The Public Company Accounting Oversight Board (PCAOB) has finalized changes to its auditing standards that will require auditors to consider the need to review the compensation programs of executive officers to identify and assess the extent to which they create risks that company financials would be misstated. Subject to Securities and Exchange Commission (SEC) approval, the new auditing standard and amendments to certain others will take effect for fiscal years beginning on or after December 15, 2014, including reviews of interim financial information within these fiscal years. 

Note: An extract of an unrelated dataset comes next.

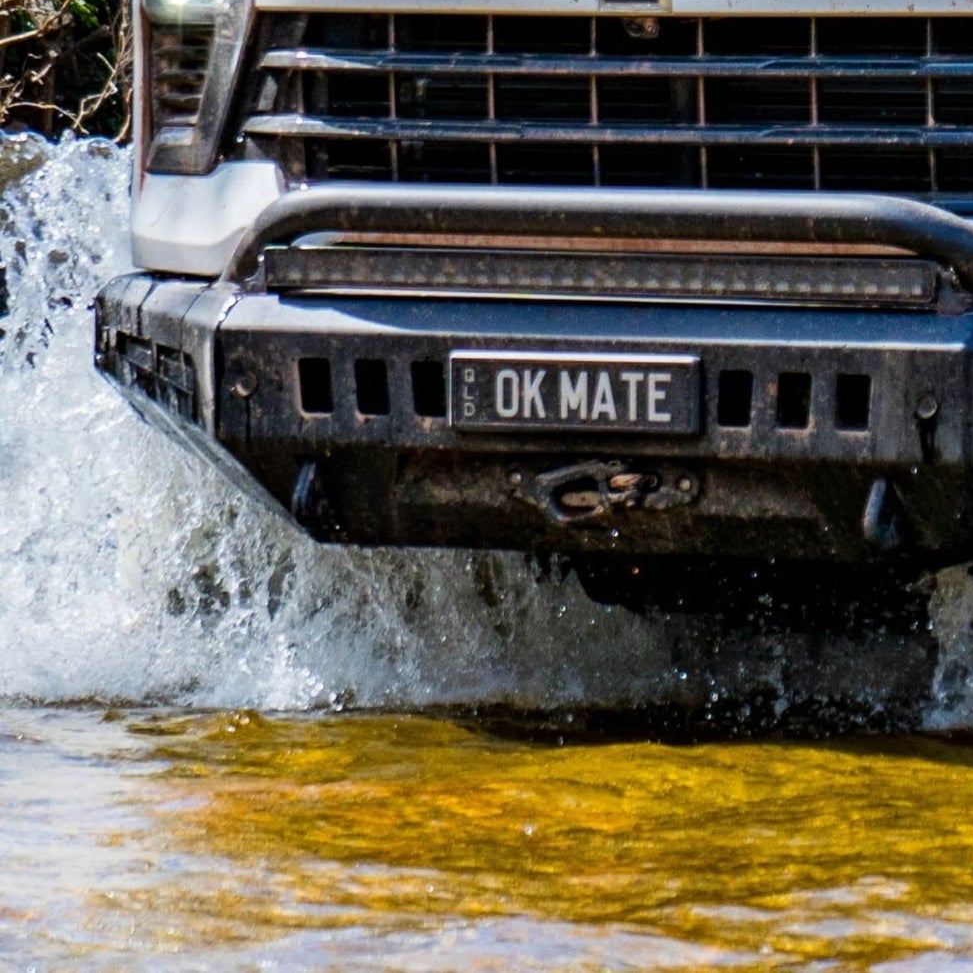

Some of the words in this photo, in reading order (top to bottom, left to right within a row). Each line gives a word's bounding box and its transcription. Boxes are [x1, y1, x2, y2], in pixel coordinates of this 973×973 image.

[463, 368, 476, 417] QLD
[495, 369, 547, 419] OK
[560, 371, 672, 422] MATE

According to the PCAOB, the final rules “do not require the auditor to make any determinations regarding the appropriateness or reasonableness of the company's compensation arrangements with its executive officers.” Notwithstanding this statement, questions remain as to how audit firms will implement this change and what procedures they will adopt for assessing whether pay programs give rise to a risk of material misstatement. We also have questions about what the next steps might be when an auditor makes such a determination.

It’s worth noting that the increased focus on executive compensation programs is part of a broader package of rule changes that call for auditors to focus on increased risks of material misstatement in company financial statements. The final rules have been modified from those originally proposed. (For more on the original proposal, see “PCAOB Proposal Could Bring Added Auditor Involvement in Executive Compensation Decisions,” Executive Pay Matters, March 2012.)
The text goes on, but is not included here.